What makes this particularly hard to address is that each component of the threat already exists independently. Synthetic outlets (domains, websites, plausible names) are operational at scale. AI-generated text content is standard. Video avatar technology is commercially available. Social media distribution infrastructure is well understood by the operations that use it.

The convergence of all four, which I think is the real threat, produces something that is orders of magnitude harder to detect than any one component alone.

A synthetic local outlet covering the 2027 French presidential election. A synthetic named journalist who appears in regular video segments. AI-generated articles under that byline. Distributed across social networks through accounts that have been building credibility. Each layer individually detectable with effort. All four together: a synthetic news ecosystem that requires simultaneous investigation of domain infrastructure, video content, text generation, and social graph analysis, coordinated in real time.

Current research and detection capacity is not built for this. We are reasonably good at finding the domains. We are reasonably good at analysing text. We are not good at integrating all of it into a detection workflow that operates at the speed the operations do.

What detection looks like now and what it needs to become

The domain-level detection I have been working with, tracking Certificate Transparency logs, scoring naming patterns, fingerprinting infrastructure, catches operations at the infrastructure layer. It is upstream of content. That is its value: you find the domain before the operation publishes its first article.
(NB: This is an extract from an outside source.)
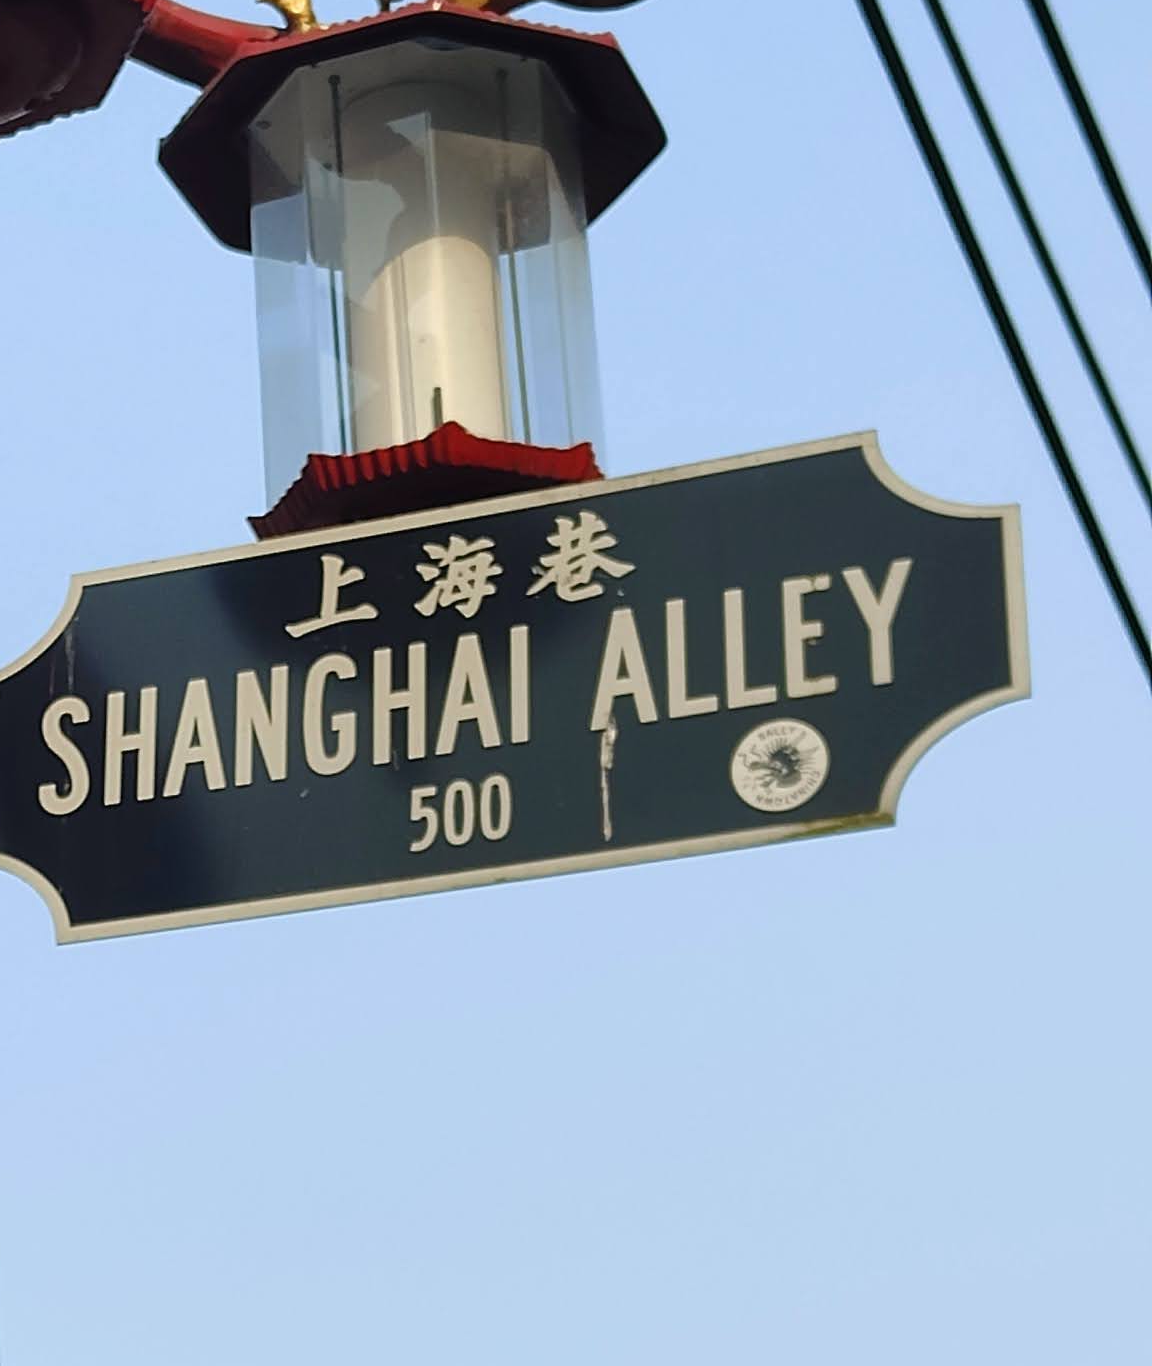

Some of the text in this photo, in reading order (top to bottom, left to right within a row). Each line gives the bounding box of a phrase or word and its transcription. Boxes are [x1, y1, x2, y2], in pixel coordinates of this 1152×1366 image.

But avatar-based operations may have a very different infrastructure profile. A synthetic journalist running a YouTube channel does not need a suspicious .fr domain. They need a Google account, a video generation pipeline, and a distribution strategy. None of that leaves traces in the data sources.
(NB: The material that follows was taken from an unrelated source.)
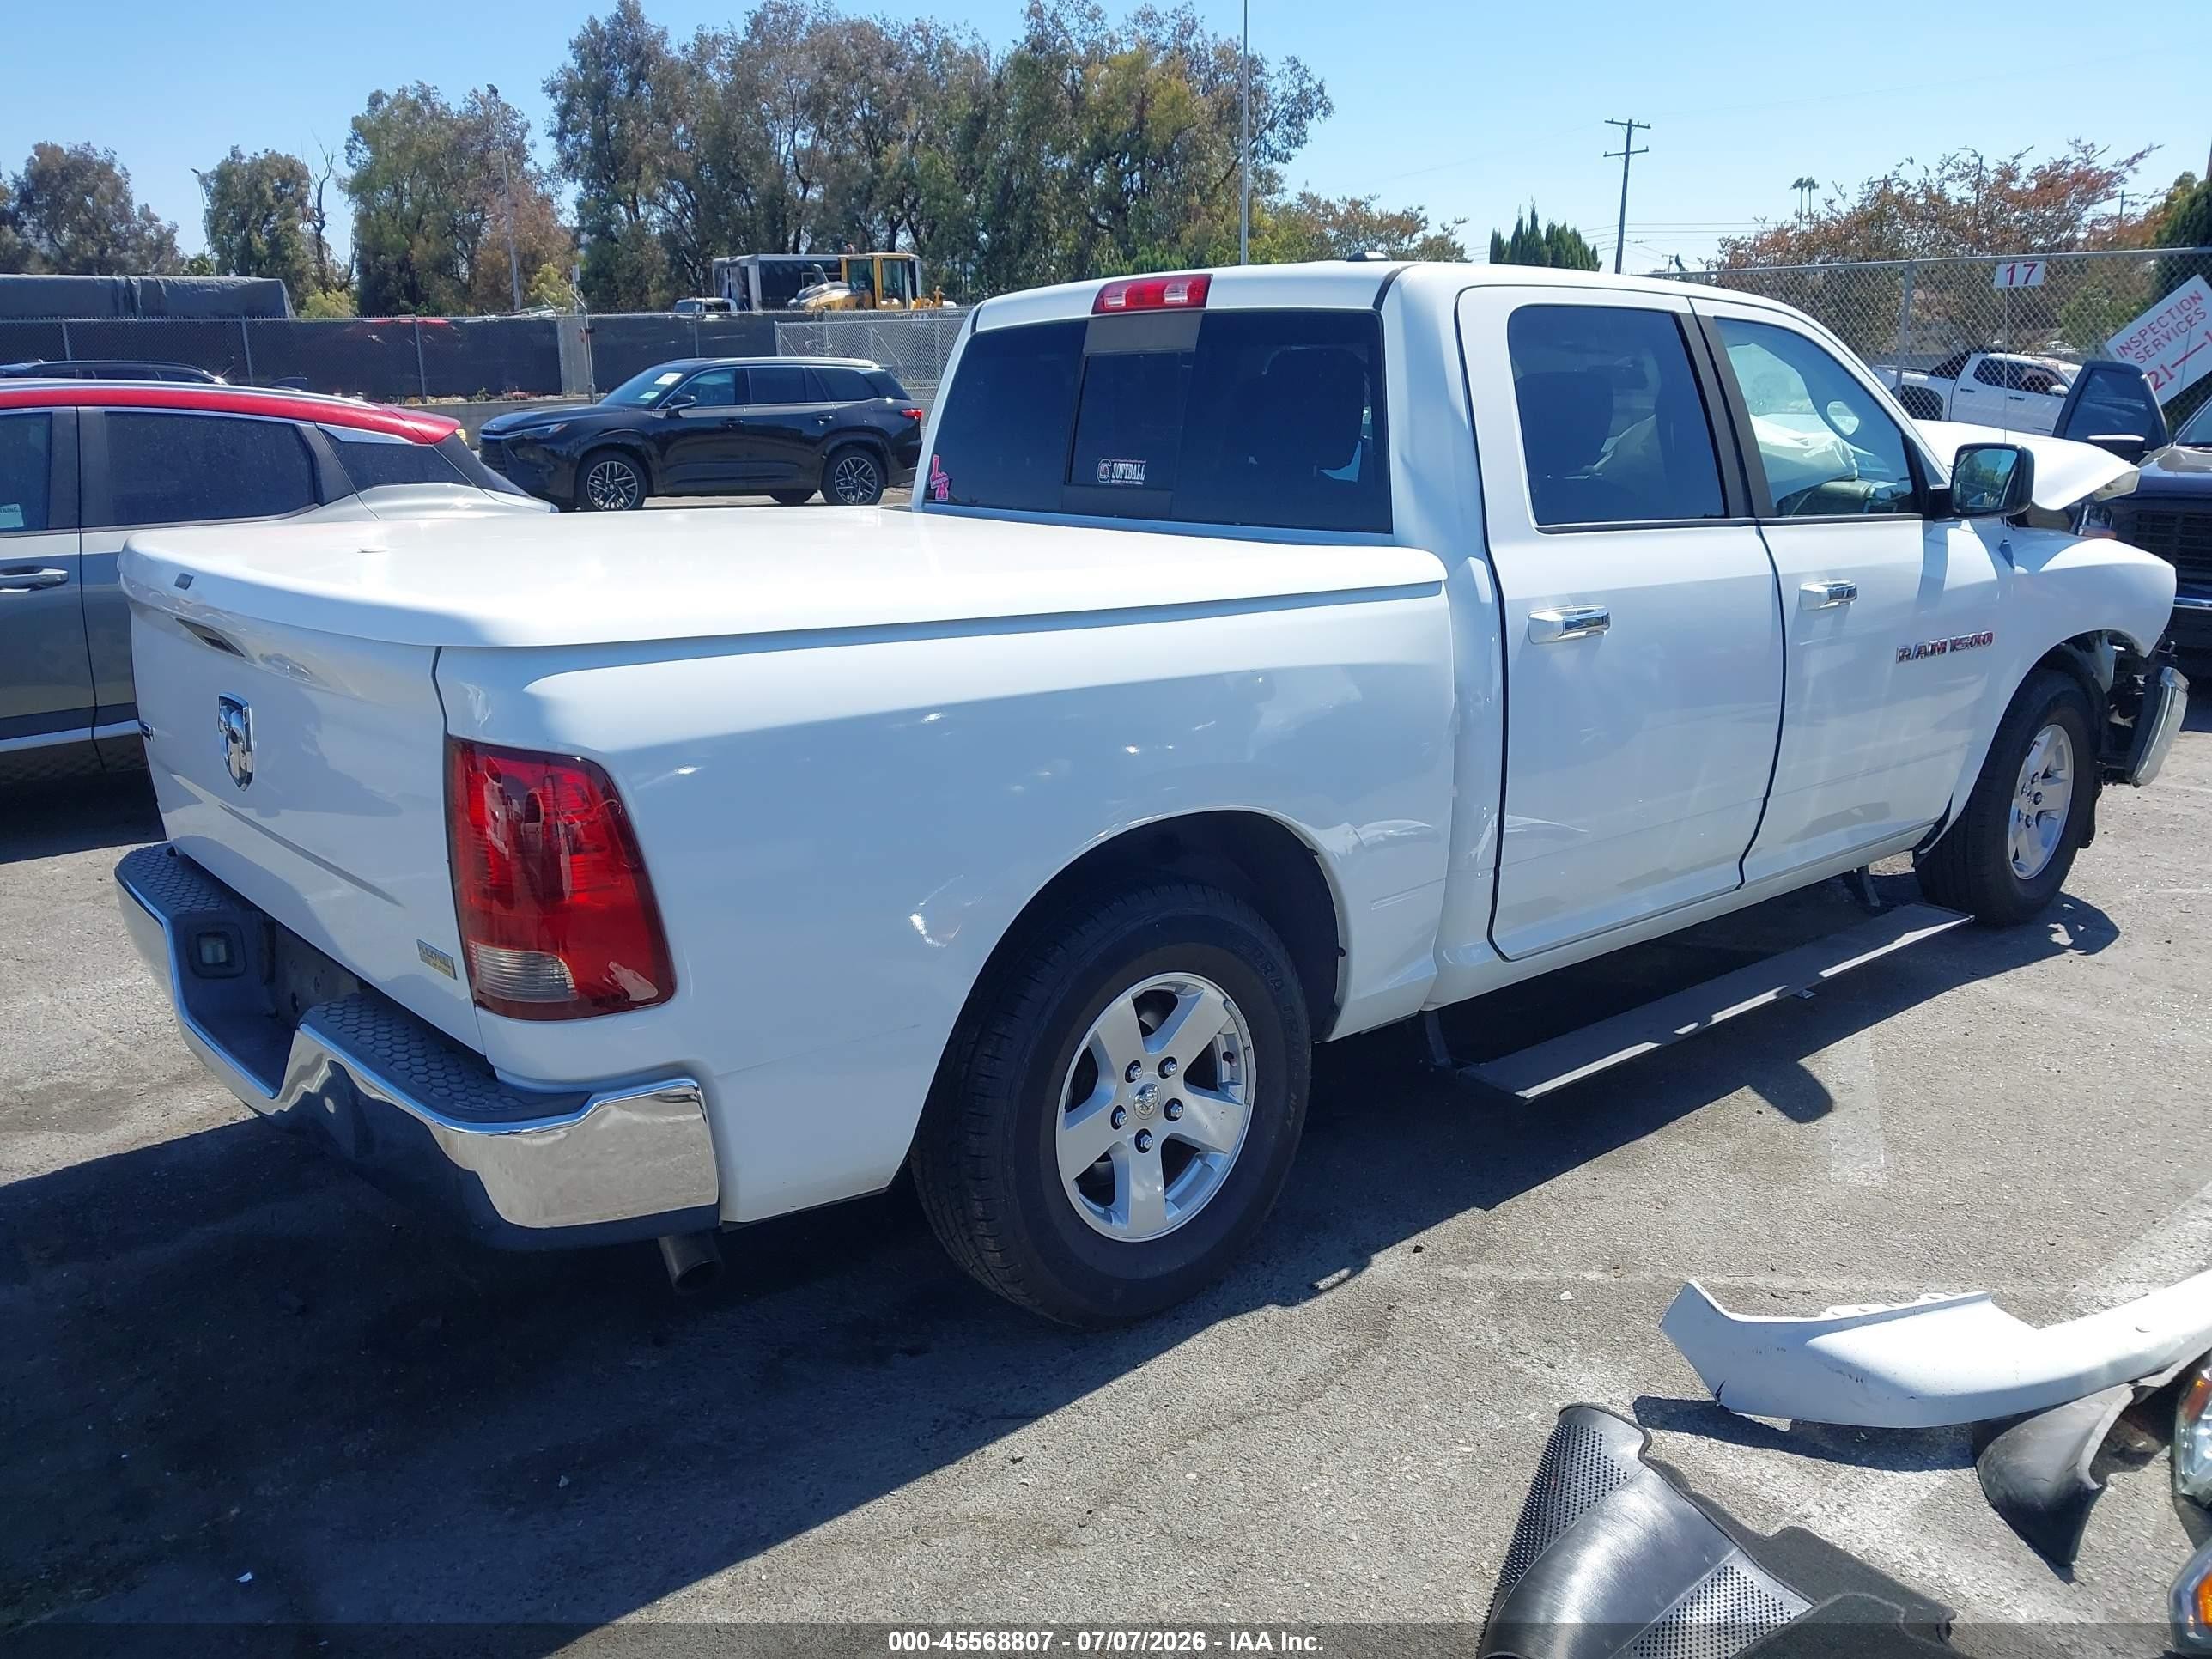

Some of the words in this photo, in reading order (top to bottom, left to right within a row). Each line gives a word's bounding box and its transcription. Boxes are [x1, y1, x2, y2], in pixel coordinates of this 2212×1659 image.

This means the detection toolkit needs to expand in several directions at once.

  • Behavioural analysis of video content: posting patterns, background consistency, subtle rendering artefacts, audio-visual sync anomalies. These are detectable today, with effort, at small scale. They are not easily detectable at the scale at which an industrialised avatar operation would run.
  • Identity network analysis: mapping the relationships between synthetic personas, looking for shared infrastructure signals even when the content layer is clean. An operation running 200 synthetic journalists probably uses shared tooling, shared hosting, shared posting schedules. Those patterns might be visible if you look at the right level.
  • Provenance tracking for video: understanding where video content originates before it spreads, equivalent to what domain registration monitoring does for web infrastructure. This is technically hard and does not currently exist in any robust form.

Operations do not usually deploy their most sophisticated capabilities first. They build and test. The avatar operations that are currently visible, the manufactured experts, the synthetic commentators that are already circulating, are likely early iterations. The technology will improve faster than the detection capacity if the research community does not treat this as an urgent problem now. The 2027 French presidential election is coming too soon. The infrastructure for the text-based operations targeting it is already being built, the video layer will follow.

The window to develop detection methods before the capability is fully deployed is short. Not years. Months.
This is not a reason to panic. It is a reason to start now.